Oct 15, 2015 09:48 |  #442

Interesting correlation about desire for higher DR, Vs. the actual current out put with the Audio world.

Consider that dynamic range in audio is VERY similar to what we are now discussing here.

One big difference is the upper limit is not as much a hard ceiling in Audio as it is in imaging sensors where "Blown out" is always the top end. In audio we can clip the top end, but avoiding it just requires more power, and thus more volume. In Imaging more power will not stop 100% white from being 100% white.

But other than that we still have a a very similar situation where "better" always meant more dynamic range, more information across a broader range of volume, and more detail at the lowest volume getting pulled out of the noise floor.

Another interesting correlation, and the one that may be part of this very discussion, is that despite more DR and volume headroom being the Holy Grail of audio reproduction for decades, with amplifiers constantly being able to be quieter and more powerful with faster response to transient signal, source material having less noise (CD Vs. Vinyl etc)

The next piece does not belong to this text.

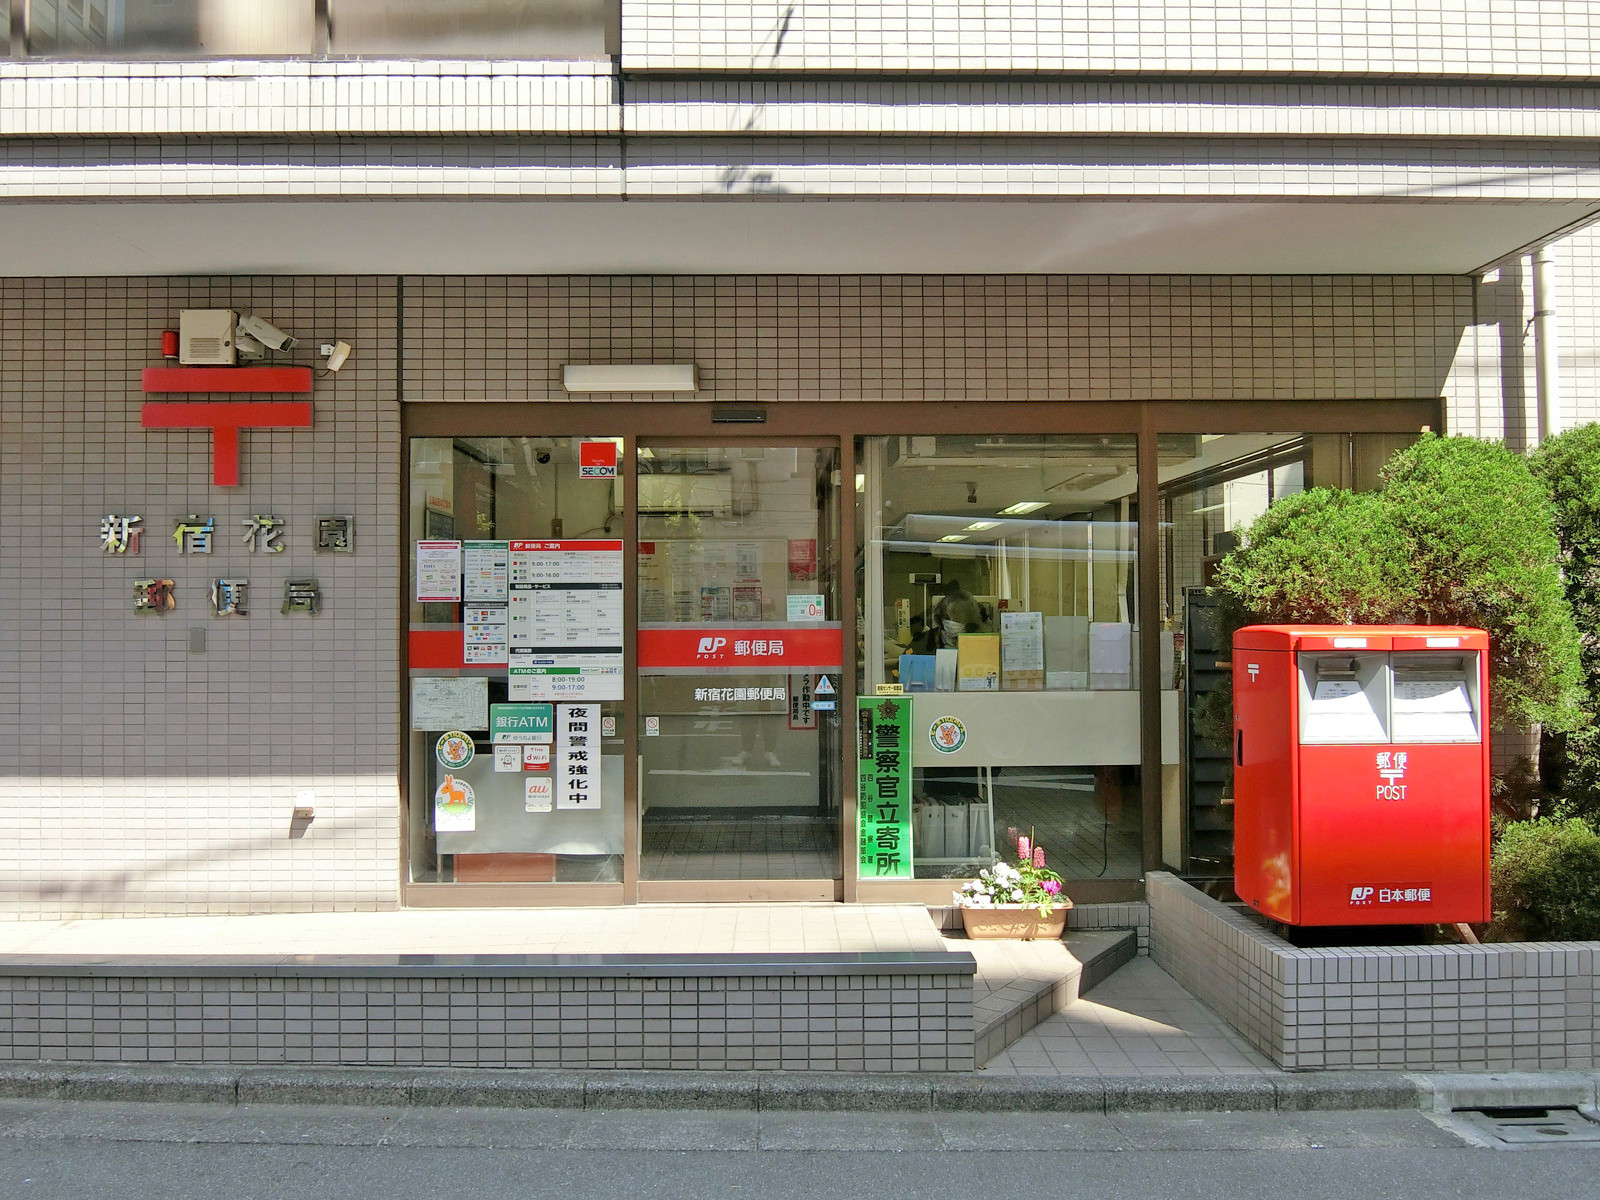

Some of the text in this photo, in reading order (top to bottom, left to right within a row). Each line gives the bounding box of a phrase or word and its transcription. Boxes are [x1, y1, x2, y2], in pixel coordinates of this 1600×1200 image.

.. despite all this advance in the ability to play back more dynamic range,..


..the modern "out put media" ( ie: todays music and more specifically, today's studio mixes,) have all but squashed any improvement we had in DR down to next to nothing.

In the mix, all the signals get "compressed", "normalized", "limited" and otherwise have the DR, the difference between the lowest audible volume of music one can hear over noise, and the highest peaks of volume, crushed to death leaving us with a final product with far less DR than any Simon and Garfunkel vinyl of the 1970's had, despite the fact that our equipment is capable of reproducing a much higher DR than any 1970's payback equipment was capable of.

Hmmm..

And yet despite the trend towards killing the DR in audio, there have always been hold outs. Classical recordings , the good ones, are still trying to maintain as much true to life DR as possible, for example.

P.S. when you look up audio amplifier specs, the measurement for DR is called "Signal To Noise"
Output dynamic range is the range, usually given in dB, between the smallest and largest useful output levels. The lowest useful level is limited by output noise, while the largest is limited most often by distortion from lack of power. The ratio of these two is quoted as the amplifier dynamic range. More precisely, if S = maximal allowed signal power and N = noise power, the dynamic range DR is DR = (S + N ) /N

This thread for instance has a very LOW Signal to Noise Ratio :) ;)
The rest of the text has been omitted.